For each record that follows, restate the text exactly and drop the pictures.

- [Source records]
────

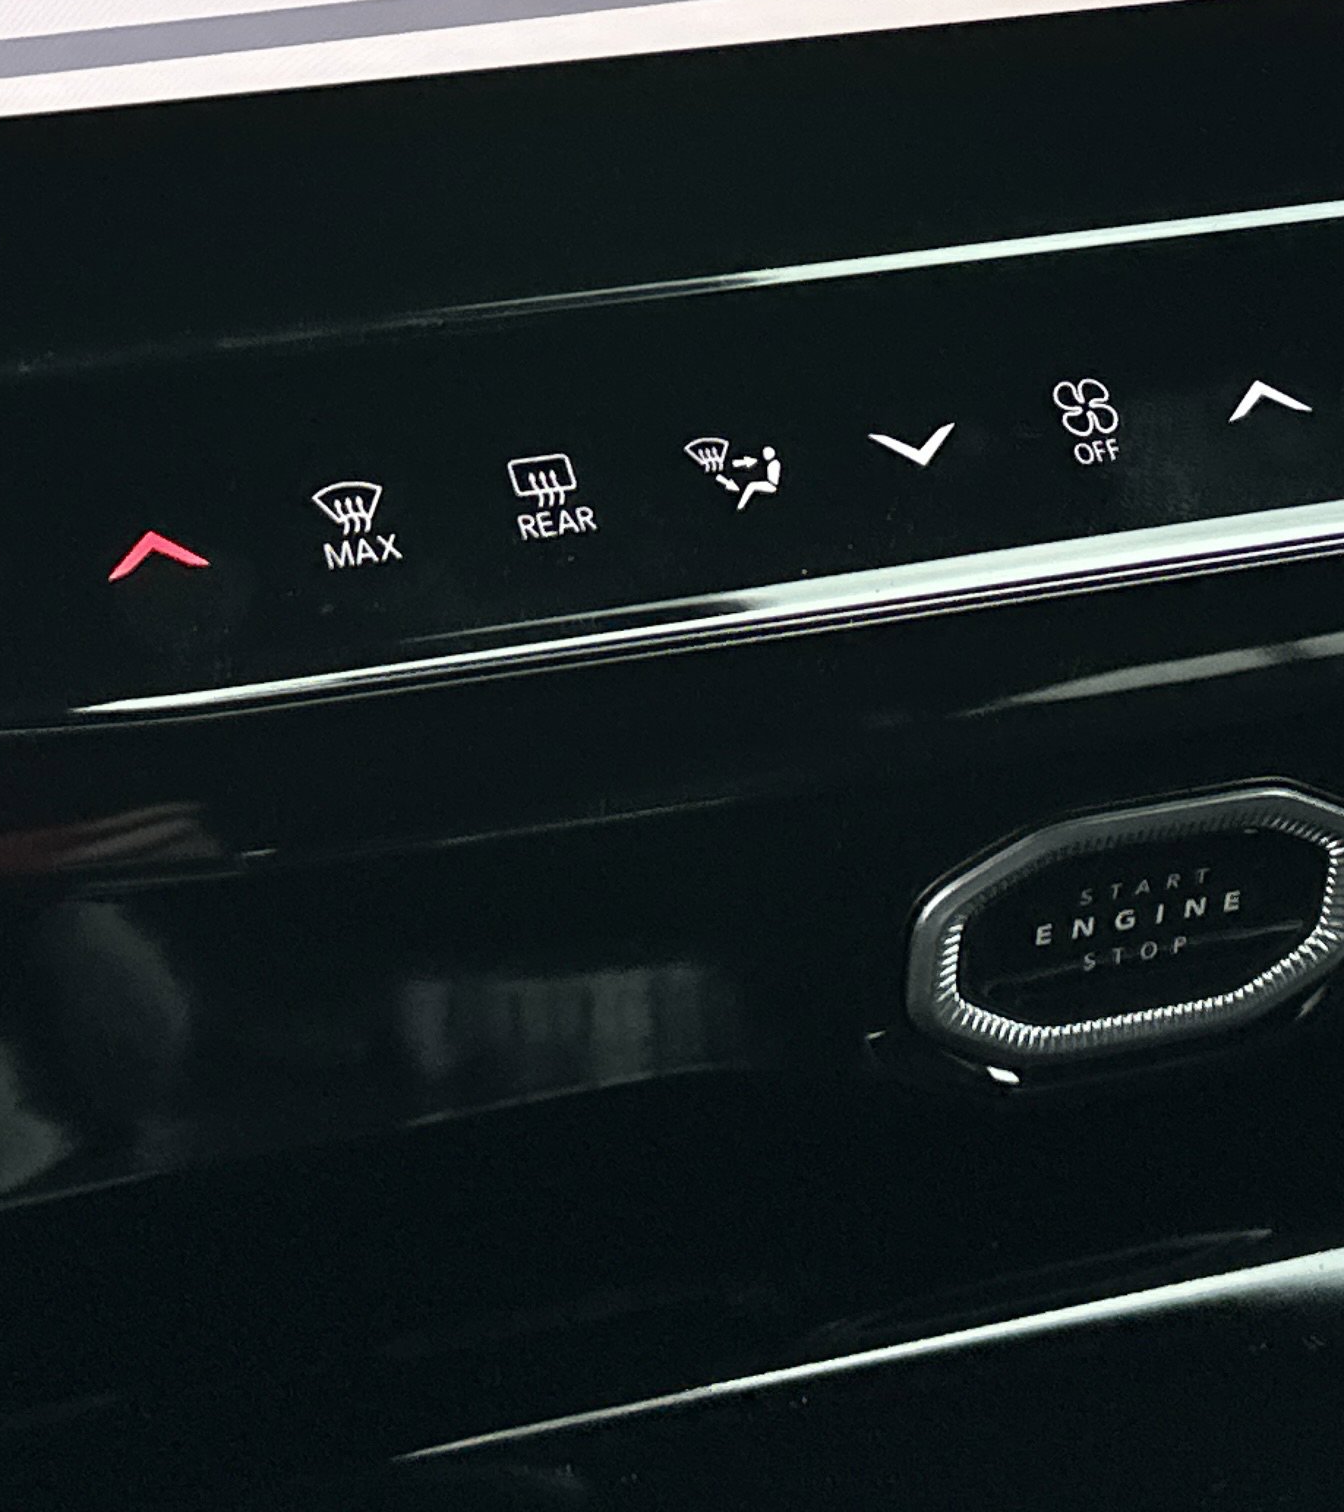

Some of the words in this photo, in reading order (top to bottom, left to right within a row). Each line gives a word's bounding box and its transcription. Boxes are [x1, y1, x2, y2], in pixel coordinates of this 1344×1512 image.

[1072, 438, 1120, 466] OFF
[516, 505, 598, 541] REAR
[323, 532, 404, 570] MAX
[1079, 867, 1210, 907] START
[1035, 890, 1242, 946] ENGINE
[1082, 936, 1188, 972] STOP

────

- [Solution to the problem]
Some of the words in this photo, in reading order (top to bottom, left to right within a row). Each line gives a word's bounding box and its transcription. Boxes are [x1, y1, x2, y2], in pixel coordinates of this 1344×1512 image.

[1072, 438, 1120, 466] OFF
[516, 505, 598, 541] REAR
[323, 532, 404, 570] MAX
[1079, 867, 1210, 907] START
[1035, 890, 1242, 946] ENGINE
[1082, 936, 1188, 972] STOP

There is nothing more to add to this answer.